The analysis was conducted by measuring soil displacements at the same location (i.e., the monitored section) while the shield machine was positioned at varying distances from it. To capture soil disturbance at different longitudinal distances from the shield machine during construction, this study employed the spatial-temporal transformation method³³. This method is based on the relative movement between the advancing shield machine and the stationary monitored section. It assumes that the soil in the excavation section is homogeneous and that fluctuations in the TBM control parameters have negligible effects on the depth of maximum incremental displacements. By applying this spatial-temporal transformation method, the soil displacements observed at the monitored section for different shield machine positions could be interpreted as the displacements at different longitudinal distances relative to the shield machine’s location.

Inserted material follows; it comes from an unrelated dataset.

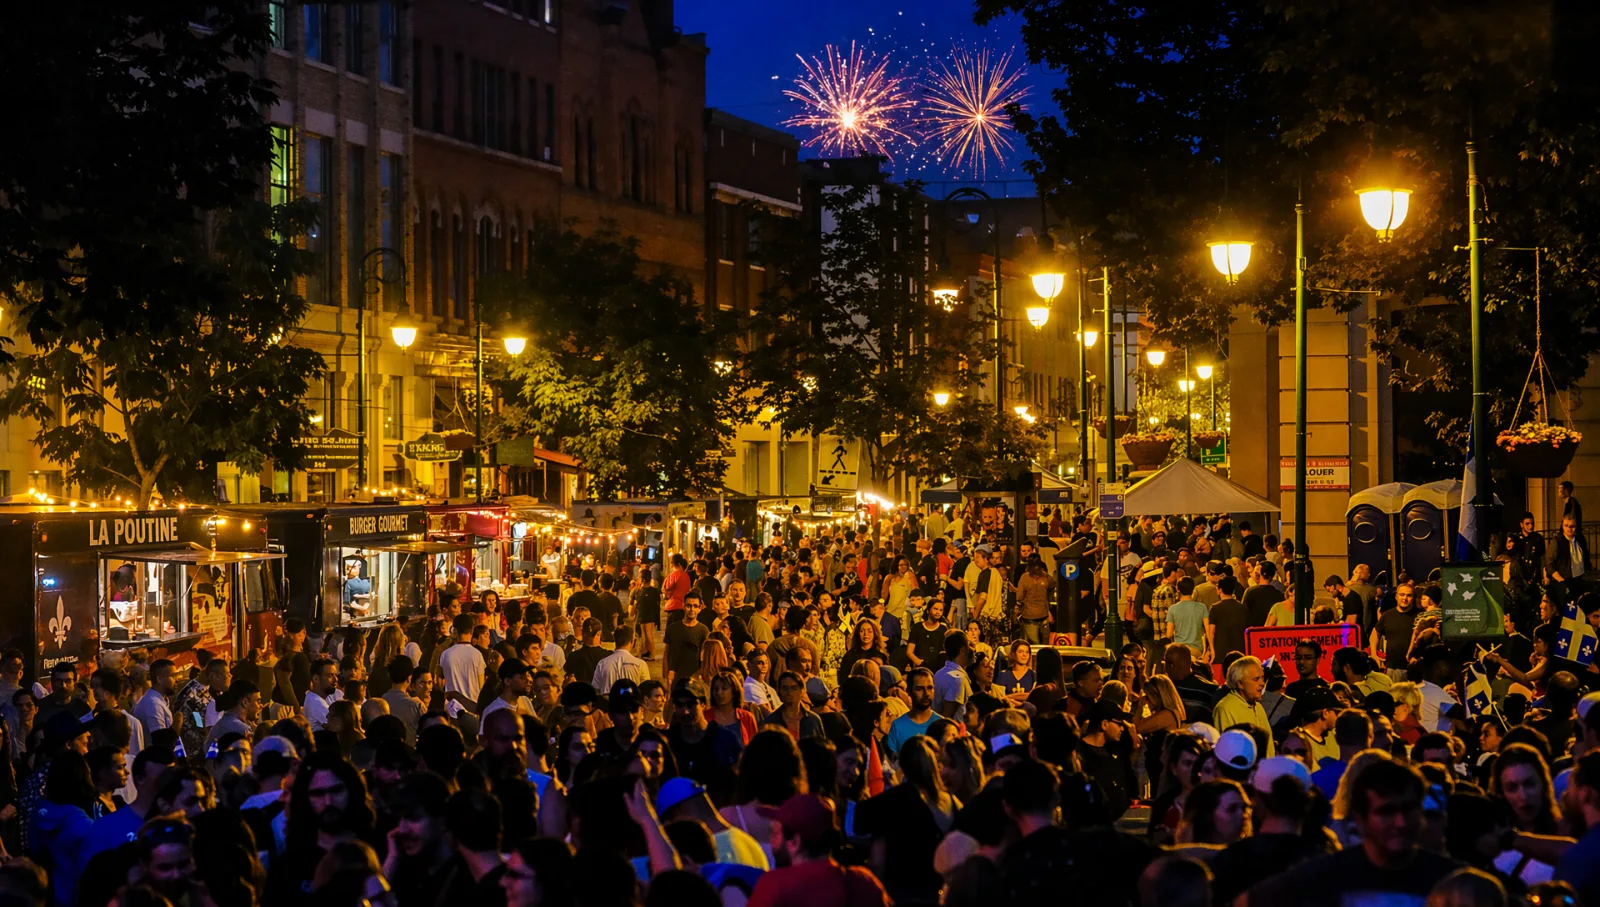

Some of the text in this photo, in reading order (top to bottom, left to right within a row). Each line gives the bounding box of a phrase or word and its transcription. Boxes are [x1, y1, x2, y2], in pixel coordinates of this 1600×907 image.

[89, 517, 178, 546] LA POUTINE
[349, 517, 376, 535] BURGER
[378, 514, 408, 532] GOURMET
[1065, 564, 1076, 577] P

The longitudinal distribution of the lateral horizontal maximum lateral incremental soil displacements, extracted from the incremental curves in Figs. 5, 6, 7 and 8, is presented in Fig. 10. The analysis yielded the following observations: (1) From the midpoint of the shield machine to the shield machine tail (a horizontal width of approximately 0.5D, for which D is the outer diameter of the shield machine), the maximum incremental displacements at the four inclinometer tubes were detected at the depth of the tunnel crown. However, these maximum points showed a downward trend, moving deeper from the midpoint toward the shield machine tail. (2) At the shield machine tail, the maximum incremental displacements occurred at the depth of the shield shoulder, marking the deepest point of displacement during shield construction. (3) Beyond the shield machine tail, as the distance from the tail increased, the depth of maximum incremental displacements became progressively shallower, eventually nearing the ground surface.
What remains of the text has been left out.